Who else has coronavirus whiplash?

Keeping up with this month’s clinical trials has been like watching three mad scientists play beach volleyball. It’s one long, unpredictable, experiment which we just can’t look away from. After reading feedback about the first round of vaccinations, we’d almost prefer grandma get run over by a reindeer than take a coronavirus vaccine this Christmas Eve. 

However, health care workers have been working their bums off to keep the hospitals running smoothly. The vaccine may have a few hitches now but it’s providing hope. Not all heroes wear capes. Occasionally they wear scrubs. 

So What’s the Prognosis According to the Media? 

Apparently we should all be running amuck in the streets. Chaotic, with arms flailing, like any grand finale of a Muppets musical. 

The New York Times released an article which apparently really stirred the pot for some readers. Only 100 million vaccines ordered? There are over 300 million United States residents. It’s time to throw a Veruca Salt inspired temper tantrum, now isn’t it? 

We think not. Remember, people. The New York Times is one of many large news outlets that have bills to pay, just like you. Any outlet will do what it can to dupe you into engaging with their article. Always follow the money, folks. If the path doesn’t lead to a pot of gold then it will definitely lead you to the entryway of an ad agency. 

The S&P Kindles a Bullish Fire

Despite the uncertainties of the coronavirus, many cyclical stocks have been surging over the past few months. Remember how we mentioned the Dow Jones was poppin’ bottles last week? Well the party might as well run all the way through New Years Eve. Vance Howard writes a pause in gains wouldn’t come as a surprise. If there was any pull back he’s assuming it would be short lived and likely flow into Q1. 

Speaking of Money in the time of Coronavirus… 

According to this week’s Wealth Watch, the “Employments Trend Index (ETI) ticked up 0.5% in November.” Everyone knows hiring tends to slow during the holiday months.

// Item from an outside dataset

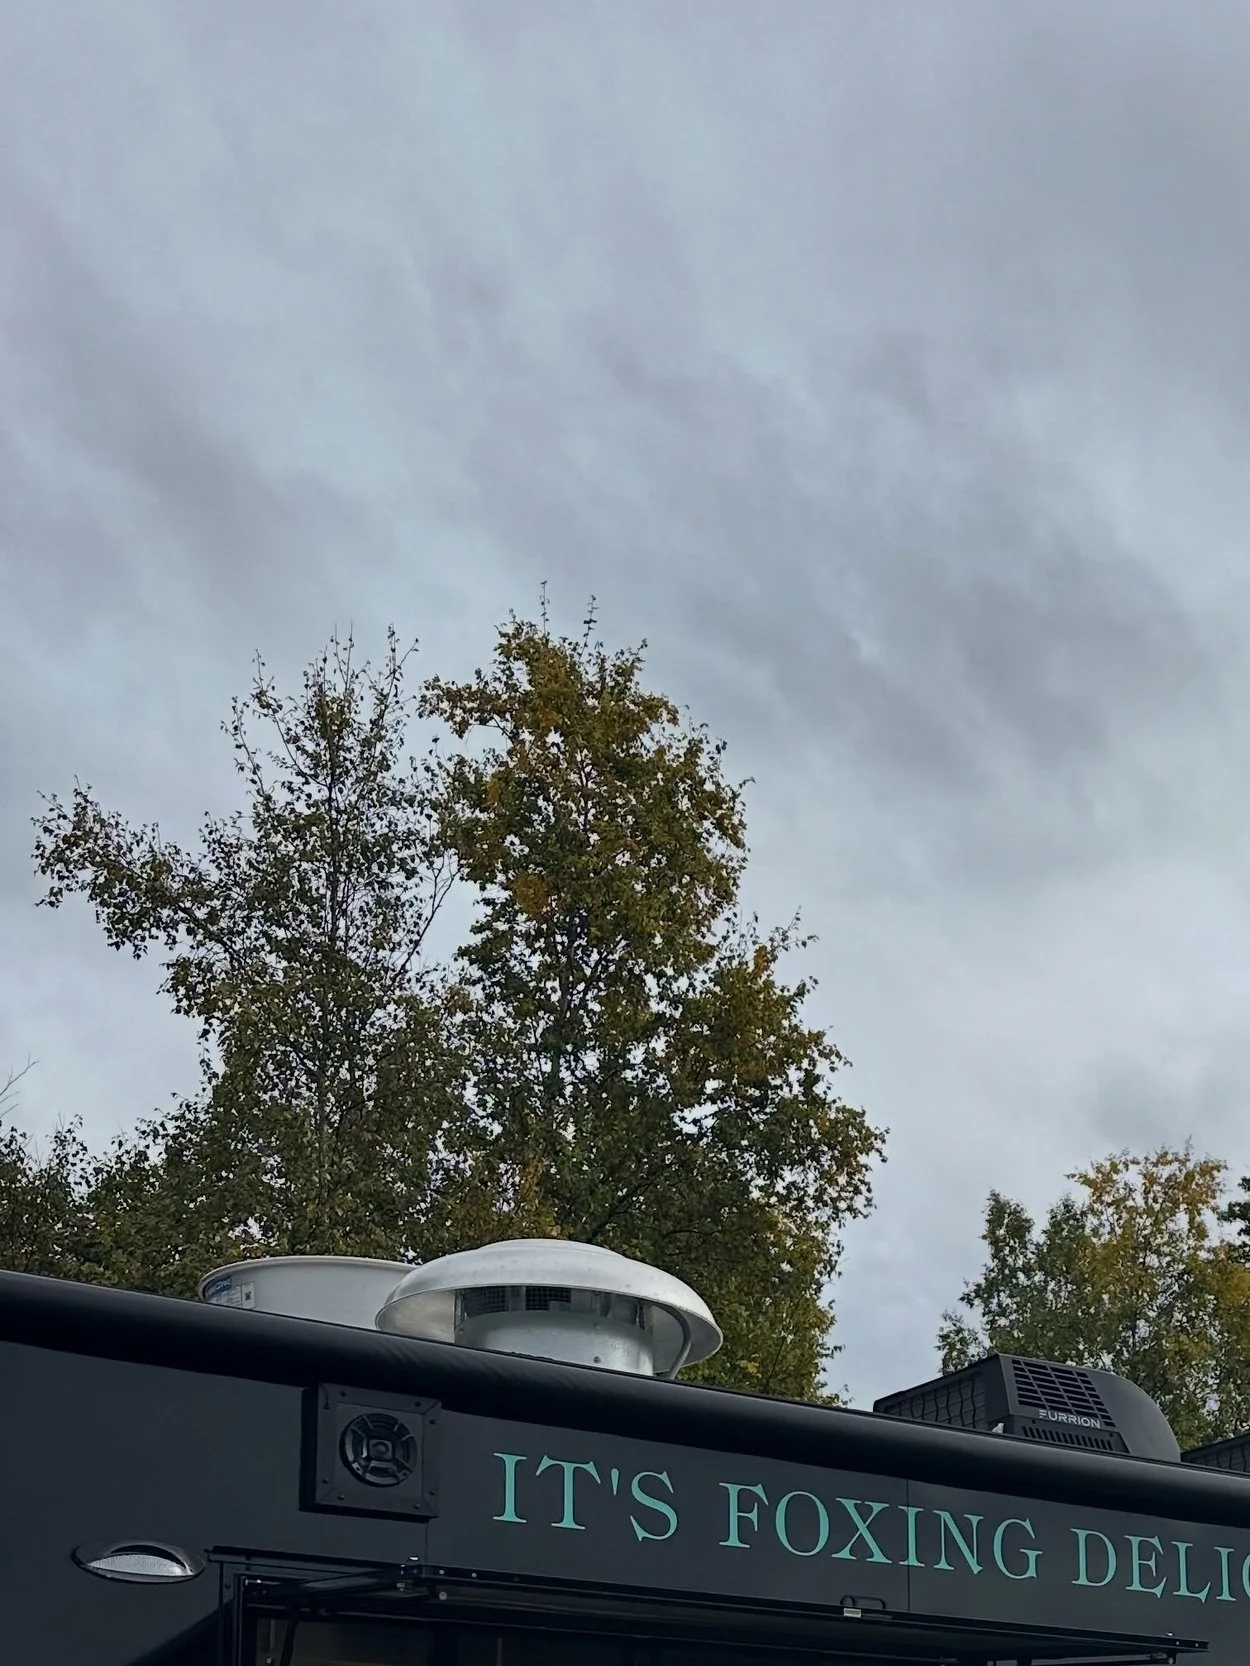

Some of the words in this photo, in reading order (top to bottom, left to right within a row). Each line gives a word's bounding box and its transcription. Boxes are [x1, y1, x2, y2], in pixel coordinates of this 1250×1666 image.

[1038, 1408, 1101, 1429] FURRION
[493, 1451, 679, 1542] IT'S
[718, 1481, 1043, 1580] FOXING

No one wants to conduct an interview while roasting their chestnuts and wrapping gifts. 

Not only that, but the third coronavirus spike has been the big kahuna of the year’s infections. With additional stay-at-home orders and the holidays, many business operations have slowed. 

If you don’t already have a side hustle, now’s the time to play pin-the-tail-on-the-hobby and get to gettin’. There’s always a market in handmade dog costumes and scented candles.